I find it unhealthy not to revere the ancient ancestors and wisdom of nature. I also think we need to embrace relativity and Darwinism. No point trying to control the world by defining a false universal absolute standard of fact, morality, and communication.

Instead, we need to say “this works better for what I am” and select it on that basis instead of trying to justify it through the same “reverse thinking” or rationalization that most people use in social situations. In this way, I think I went beyond what society can handle.

It is manipulated by social impulses, consumer markets, and votes. It requires paired talismans/scapegoats and an unstated, ambiguous, and unclear goal of a reality-denying Utopia or Heaven. I do not believe in scapegoats. I do not think the Kings, the Rich, the Jews, the Whites, or Satan did this to us.

I think humans in groups mislead themselves because they amplify the lowest common denominator, which is our fears, and drive themselves neurotic in the process. Nihilism — a focus on extreme realism and the whole, sort of like religion — serves as an antidote to neurosis.

A nihilist declines to believe in the consensual hallucination that there is an absolute, universal, and objective shared space of facts, morals, values, truths, and communications.

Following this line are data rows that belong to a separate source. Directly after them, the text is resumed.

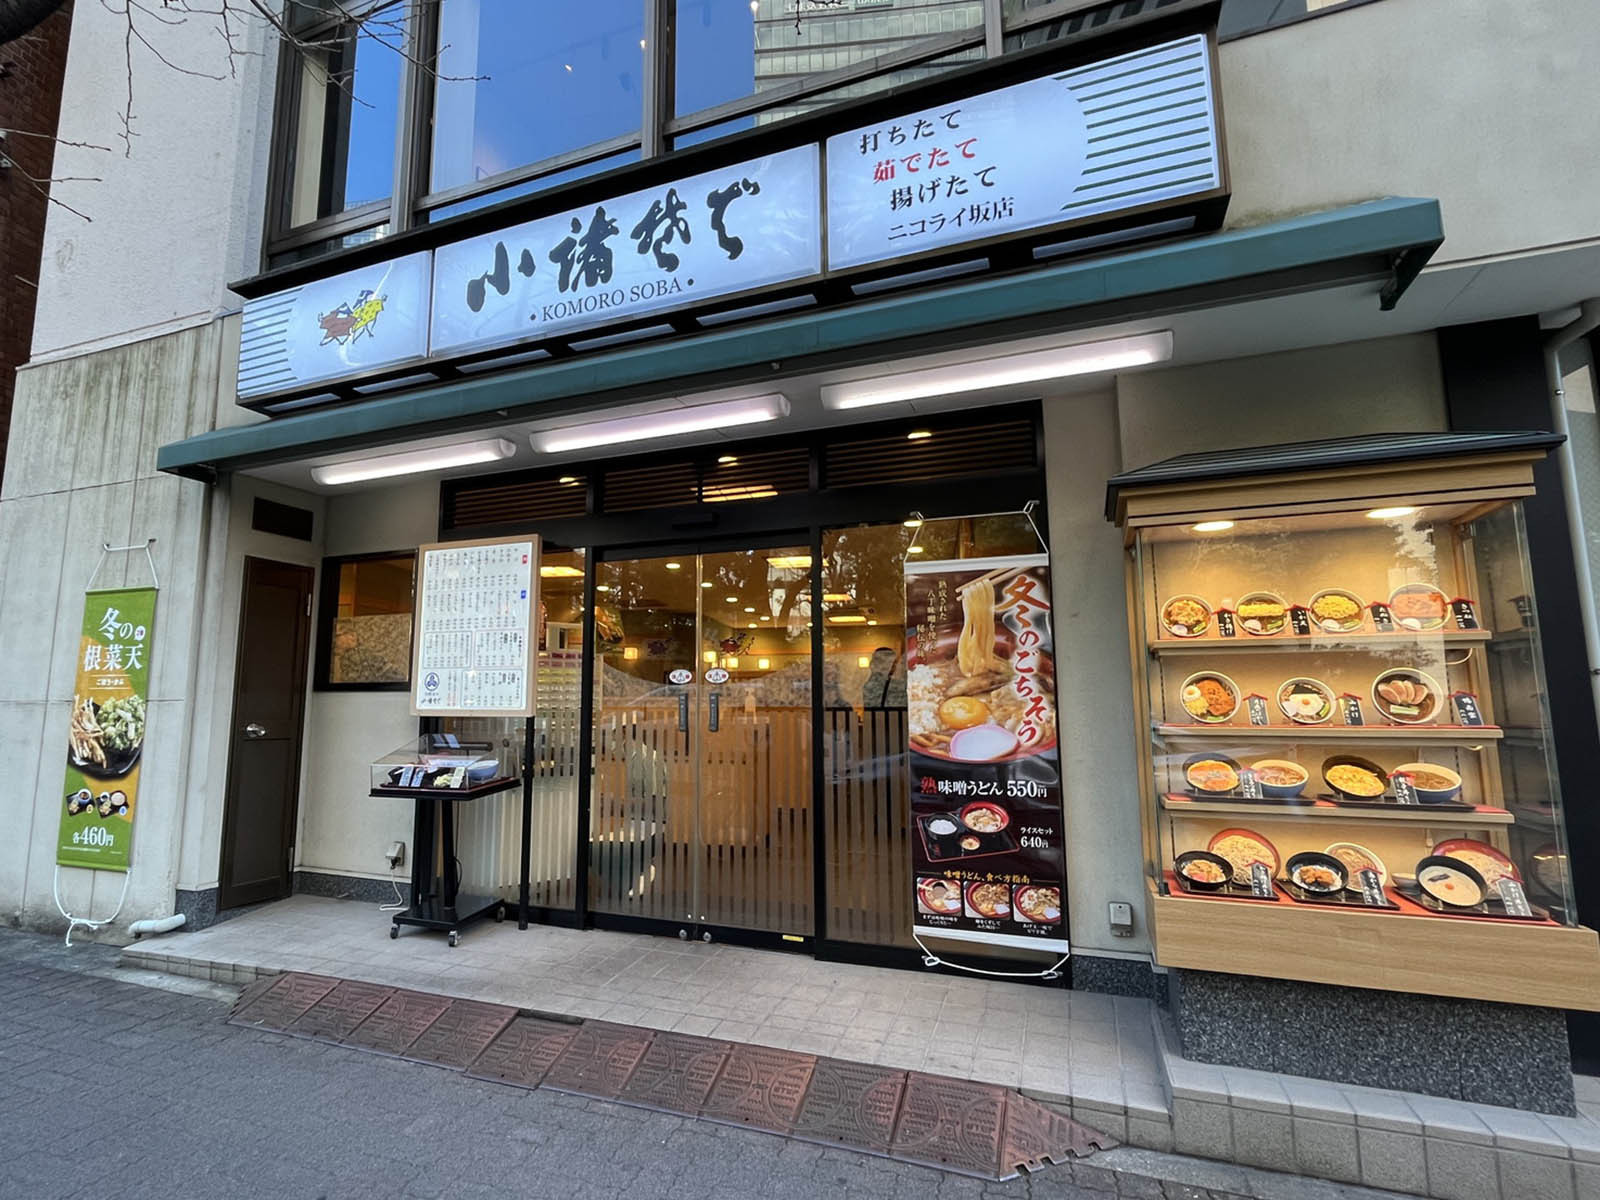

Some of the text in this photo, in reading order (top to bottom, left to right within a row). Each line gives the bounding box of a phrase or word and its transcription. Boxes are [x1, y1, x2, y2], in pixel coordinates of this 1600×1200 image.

[860, 109, 961, 154] 打ちたて
[873, 138, 977, 184] 茹でたて
[890, 166, 997, 211] 揚げたて
[888, 197, 1014, 240] ニコライ坂店
[542, 276, 682, 322] KOMORO SOBA
[98, 607, 133, 640] 冬の
[84, 643, 144, 671] 根菜天
[1006, 780, 1048, 798] 550円
[1020, 826, 1053, 835] ライスセット
[1020, 836, 1049, 849] 640円
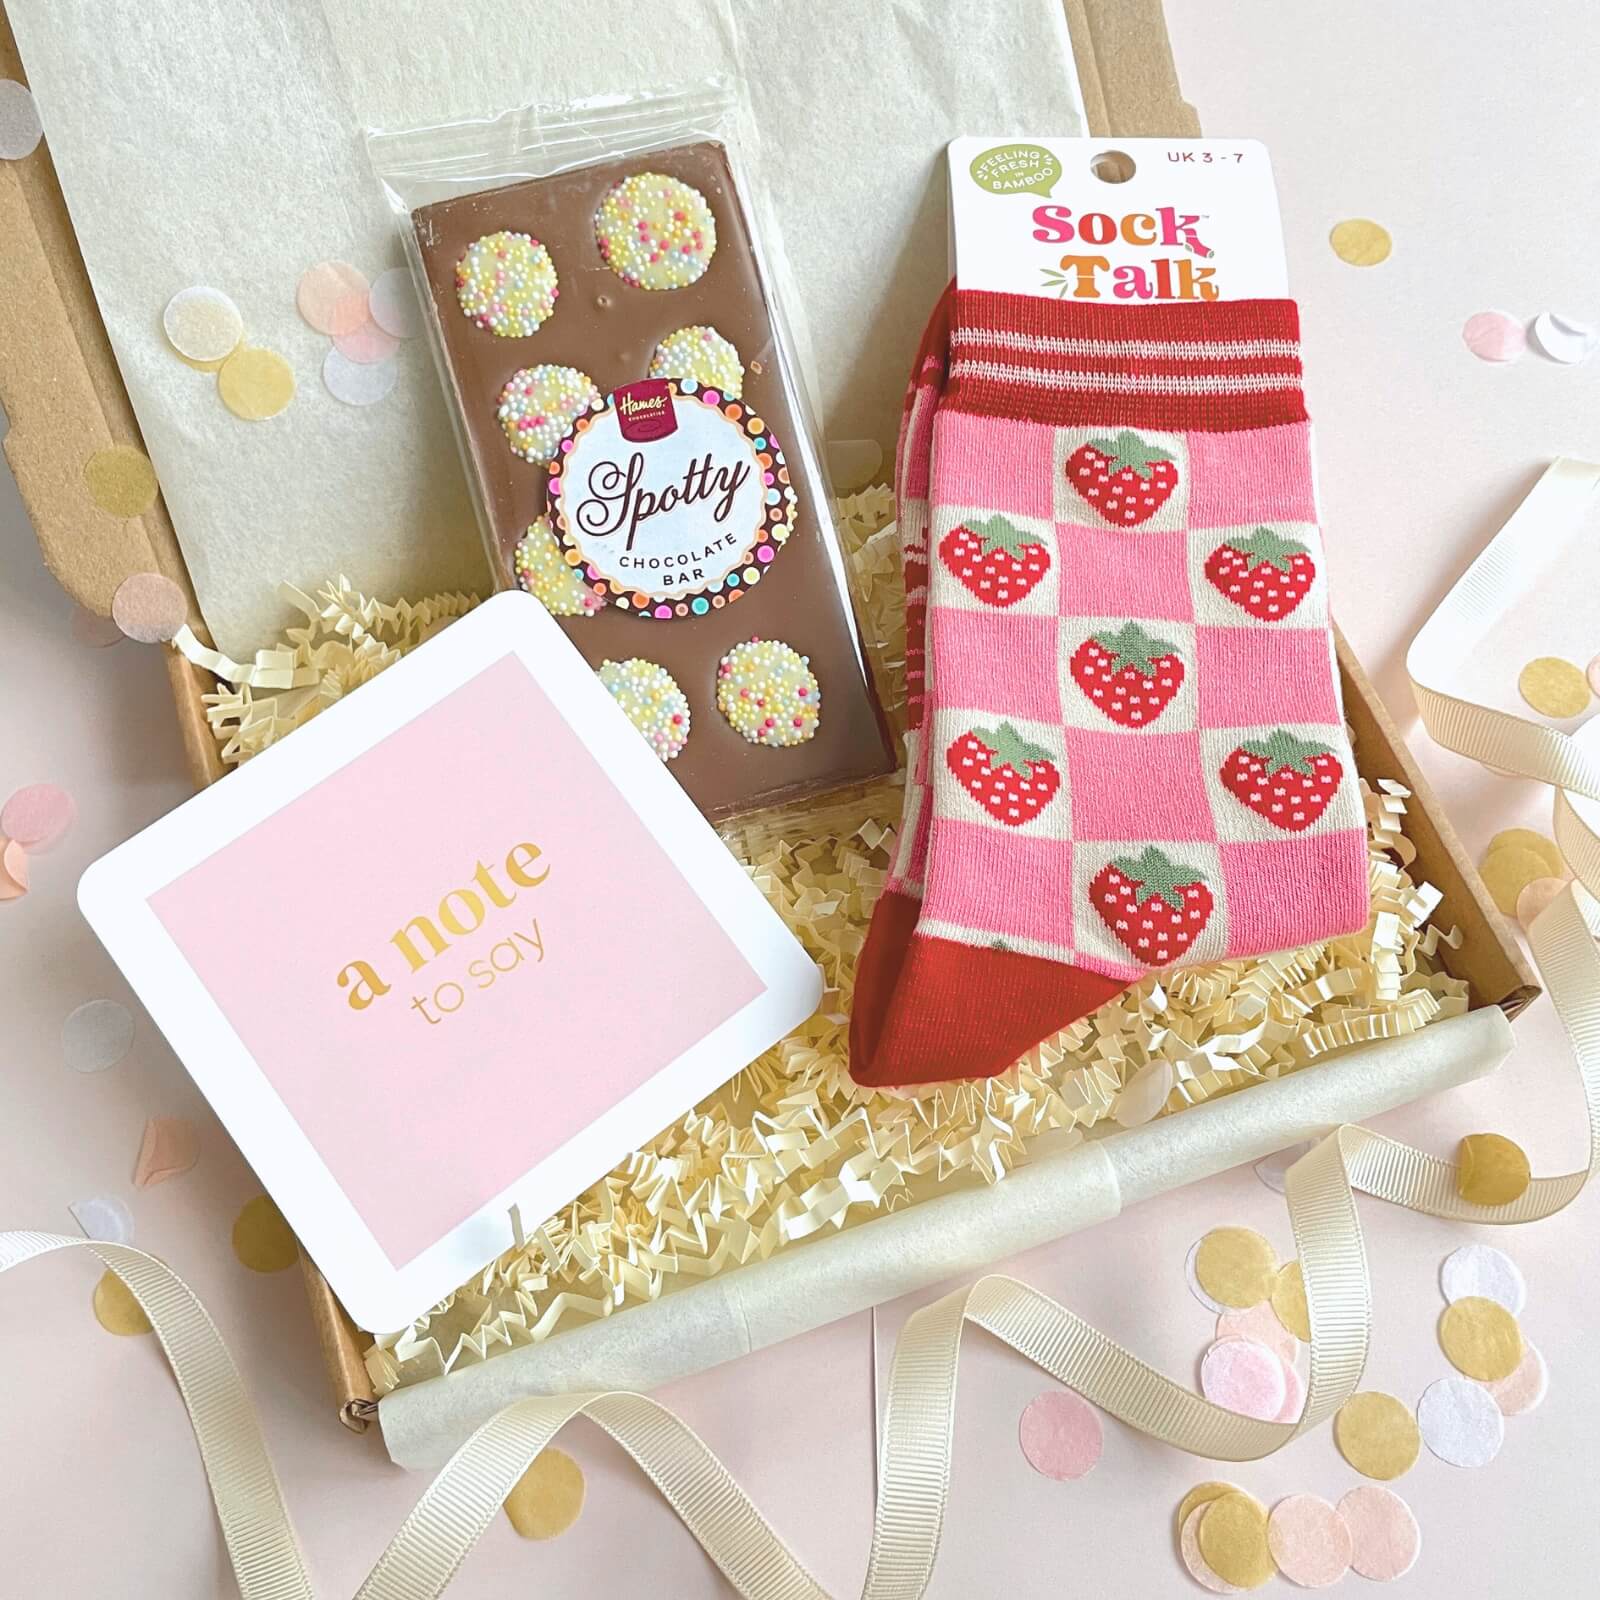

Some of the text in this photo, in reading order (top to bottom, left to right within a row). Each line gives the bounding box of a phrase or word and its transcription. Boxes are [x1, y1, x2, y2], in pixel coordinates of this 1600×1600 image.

[980, 150, 1040, 172] FEELING
[991, 160, 1040, 178] FRESH
[1167, 152, 1196, 163] UK
[1202, 152, 1213, 163] 3
[1233, 152, 1244, 163] 7
[992, 168, 1053, 190] BAMBOO
[1032, 205, 1214, 258] Sock
[1060, 255, 1219, 300] Talk
[576, 452, 750, 551] Spotty
[619, 533, 737, 569] CHOCOLATE
[663, 568, 705, 586] BAR
[337, 842, 551, 1010] a note
[411, 918, 545, 1025] to say
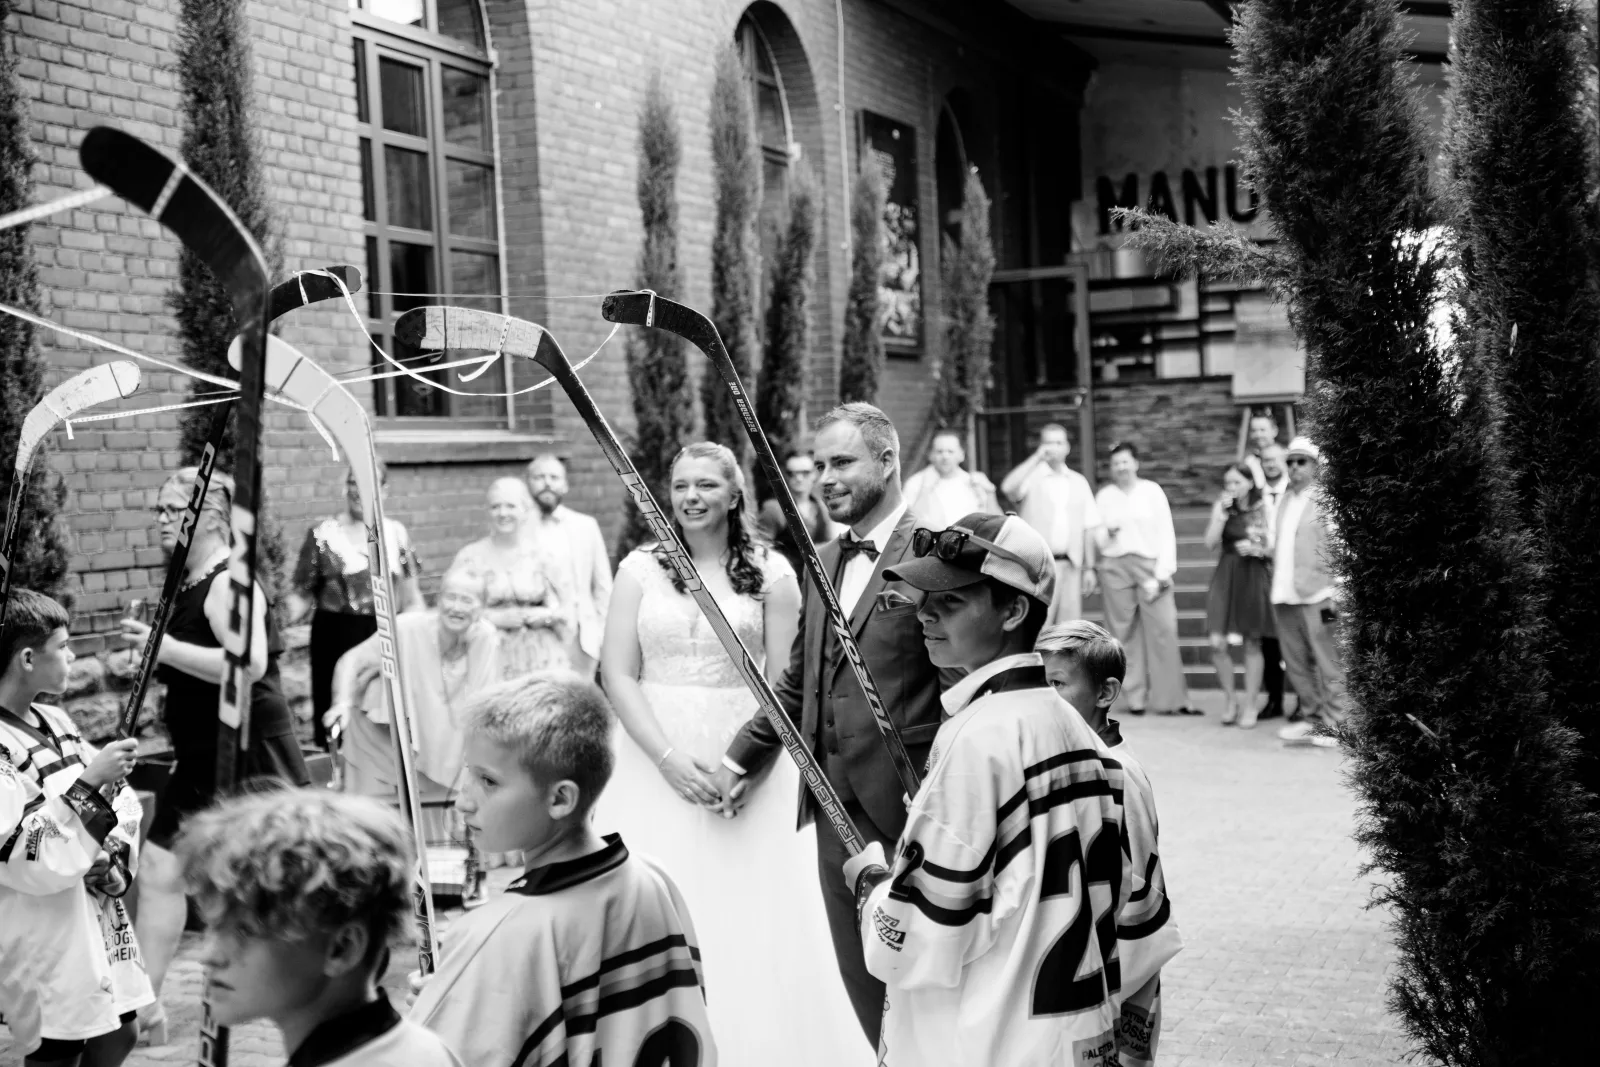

Nihilists believe in esotericism instead, which is that the details of reality reveal themselves to those who are ready. We believe in reality more than any other group, but less than any other group in the symbols, words, and images of it. As we understand it, Leftism was created by language and open-ended categories that appeal to human fears.

I agree with ordinary Republicans on most practical matters, but do not think it is wise to try to enforce one standard in the culture wars. I recognize abortion is murder but that we cannot control it, like drugs and drink.

In America, I think conservatives are “Christian libertarians” who are trying to use religion to replace culture, based on choices made by conservatives in the 1960s. This is false and I hate it.

This places me a bit with the Darwinian Anarcho-Capitalists like Nick Land, Eric Raymond, and Robert Heinlein more than with the usual far-Right. However, my approach is more like that of religion, and my belief system is more based in realistic logic than in moral ideals.

I do not want to save everyone from themselves. I want natural selection everywhere killing the oblivious, insane, perverse, criminal, and retarded and pushing us all to evolve to be more beautiful, strong, healthy, long-lived, disease-free, sane, wise, and so on.

All of this was a bit shocking to me, by the way. I just wanted to smoke weed, listen to death metal, and write fiction. But I found myself in a postmodern hellworld instead, so like the toilet-scrubber I am at heart, I have tried to clean it up.

This is what it means to be “furthest Right” in my view: concerned with natural order continuous from the ancient into the far, far future.

I do not expect that most people are going to get this trip, so I try to show it to them through current events.

I have spent most of my life in intense analysis of what I believe, using methods gleaned from Continental and Greek philosophy, and I can find no fault in it on the main.

“Ultra-Right” and “Furthest Right” by the way are what I use to describe my viewpoint, but I also tend to call it “Futurist Traditionalism” in that I revere the ancient and see its mathematical purity in adaptation, but also want to think of the future.

The far future, in fact. Millions and billions of years. Humanity deserves a shot at eternity, both here and in realms beyond.